This past Sunday (June 9, 2024) Saudi Arabia made the historical move to not renew an 80-year-old agreement with the United States that established the U.S. Dollar as the world currency to purchase Saudi oil, in what should have been headline news, but seems to have been blacklisted in U.S. financial news publications, even in alternative financial news publications such as ZeroHedge News.

Here is the coverage of this historic event from the The Business Standard, a Bangladeshi daily newspaper.

Saudi Arabia’s petro-dollar exit: A global finance paradigm shift

The crucial decision to not renew the contract enables Saudi Arabia to sell oil and other goods in multiple currencies, including the Chinese RMB, Euros, Yen, and Yuan, instead of exclusively in US dollars. 

Significant financial upheaval is potentially ahead of the financial world as Saudi Arabia has decided not to renew its 80-year petro-dollar deal with the United States.

The deal, which expired on Sunday 9 June, was a cornerstone of the United States global economic dominance.

Originally signed on 8 June 1974, the deal established two joint commissions, one based on economic cooperation and the other on Saudi Arabia’s military needs.

At the time, it was said that it heralded an era of close cooperation between the two countries, says Katja Hamilton of BizCommunity.

This latest development signifies a major shift away from the petrodollar system established in 1972, when the US decoupled its currency from gold, and is anticipated to hasten the global shift away from the US dollar. (Source.)

While I could find no major U.S. English publication covering this as headline news, there was plenty of discussion on Twitter/X.

One U.S. investor, Andrei Jikh, who has over 2 million subscribers on YouTube, published a video on just what the end of the petrodollar means, and that video has accumulated almost 1 million views over the past couple of days.

The video is just over 15 minutes long, but the facts regarding the end of the petrodollar is only covered in the first 12 minutes.

Everything after that is this investor’s views, including his view that people should continue investing in the U.S. Stock market and also invest in Bitcoin, certainly a view that myself and many others would not agree with.

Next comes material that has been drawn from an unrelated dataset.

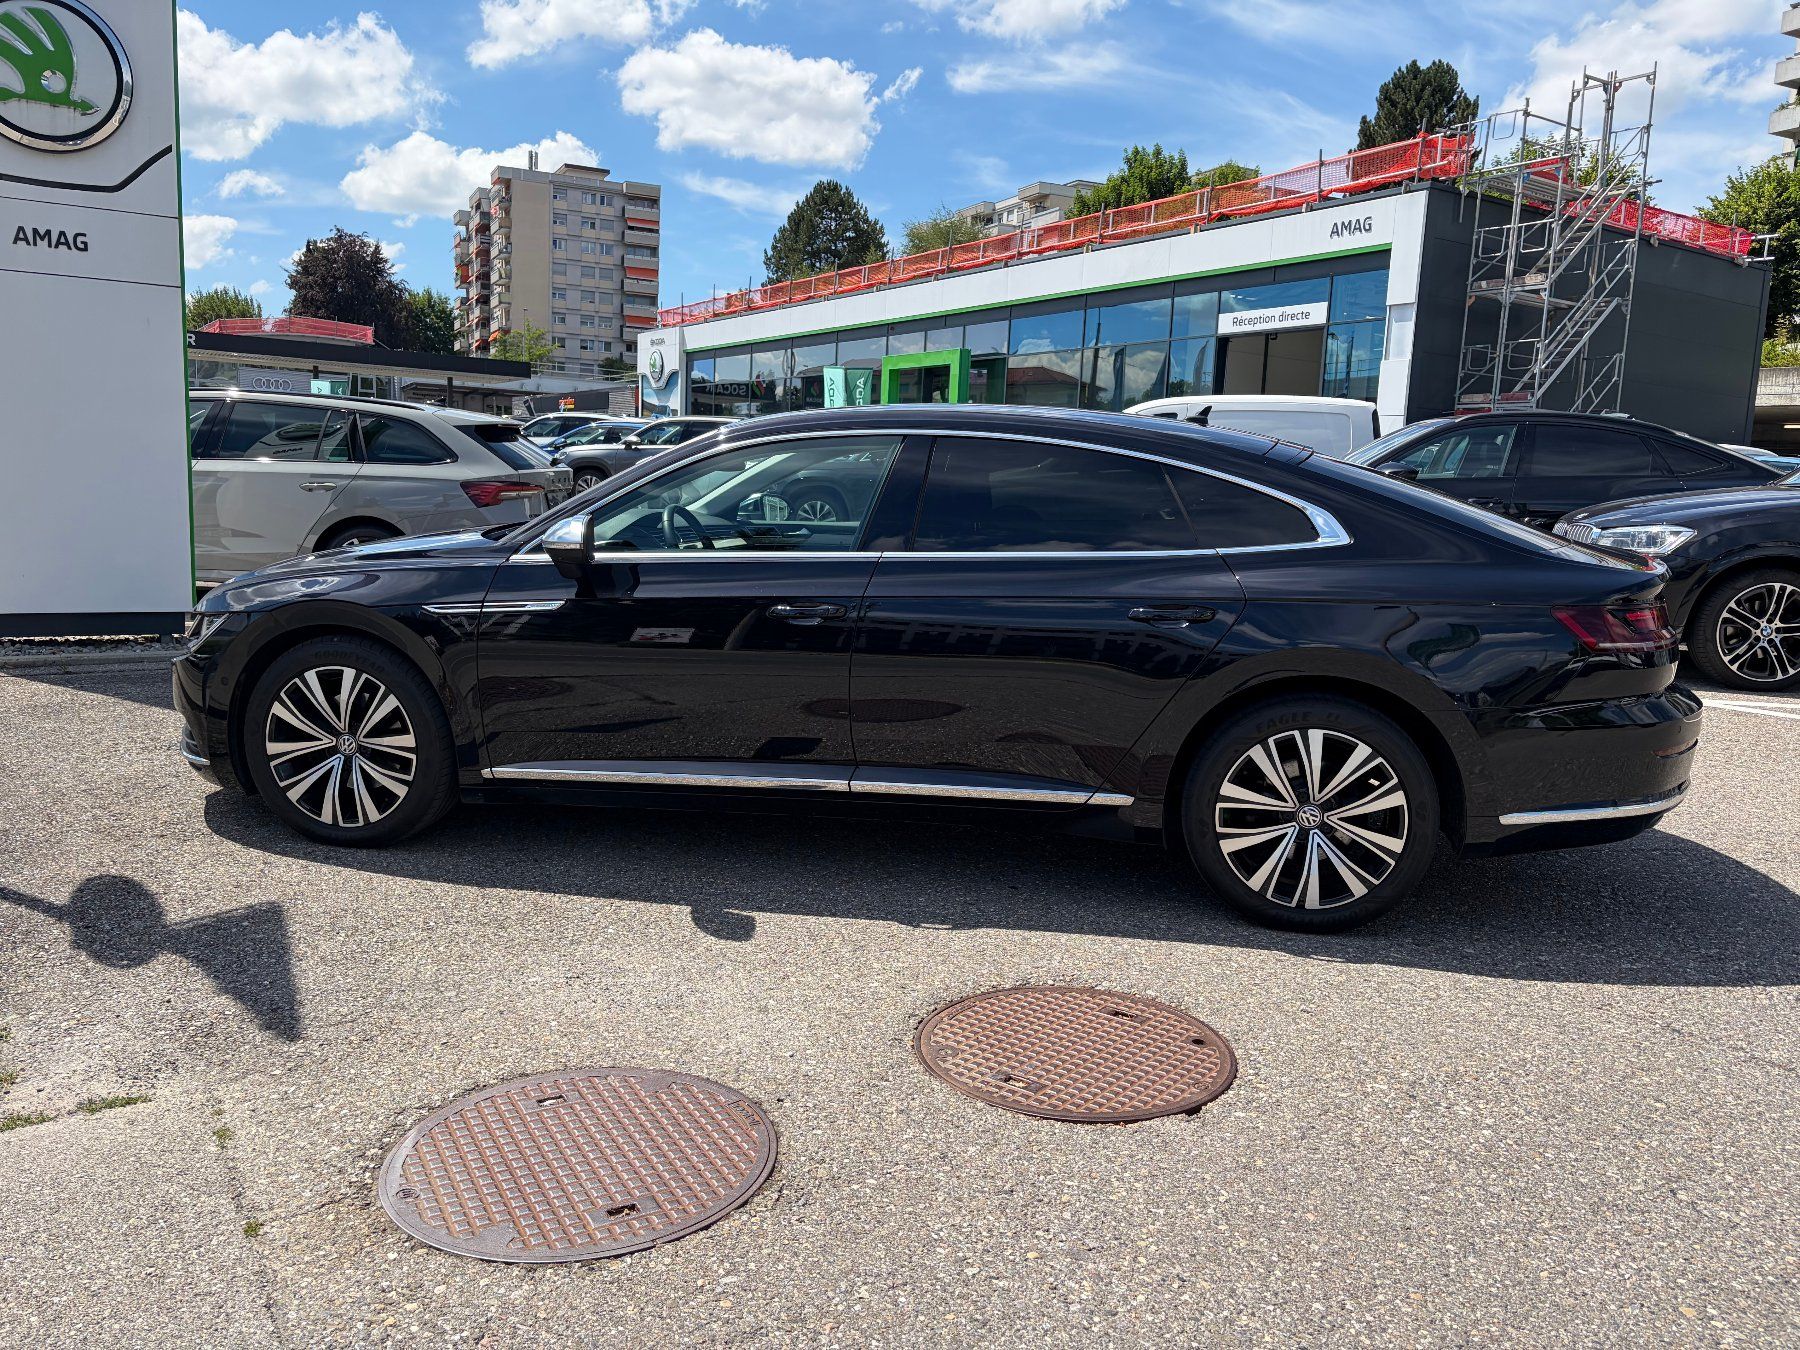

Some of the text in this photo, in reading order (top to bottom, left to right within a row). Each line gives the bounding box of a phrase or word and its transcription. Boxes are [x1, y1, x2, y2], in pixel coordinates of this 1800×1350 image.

[12, 225, 89, 252] AMAG
[1329, 216, 1373, 240] AMAG
[1232, 310, 1311, 328] Réception directe

But his summary of the history and significance of the Petrodollar is excellent, and well worth the 12 minutes to watch.

The petrodollar agreement between Saudi Arabia and the United States included more than just the agreement to require the purchase of oil with U.S. dollars, as it also included a promise from the U.S. to protect Saudi Arabia militarily, and also contained provisions for establishing the State of Israel in 1948, something that President Roosevelt actually opposed, but was adopted by his successor, President Truman.

The Quincy Pact

Saudi Arabia reportedly did not renew “its 50-year petrodollar agreement with the United States”, an agreement that expired on Sunday, June 9, 2024.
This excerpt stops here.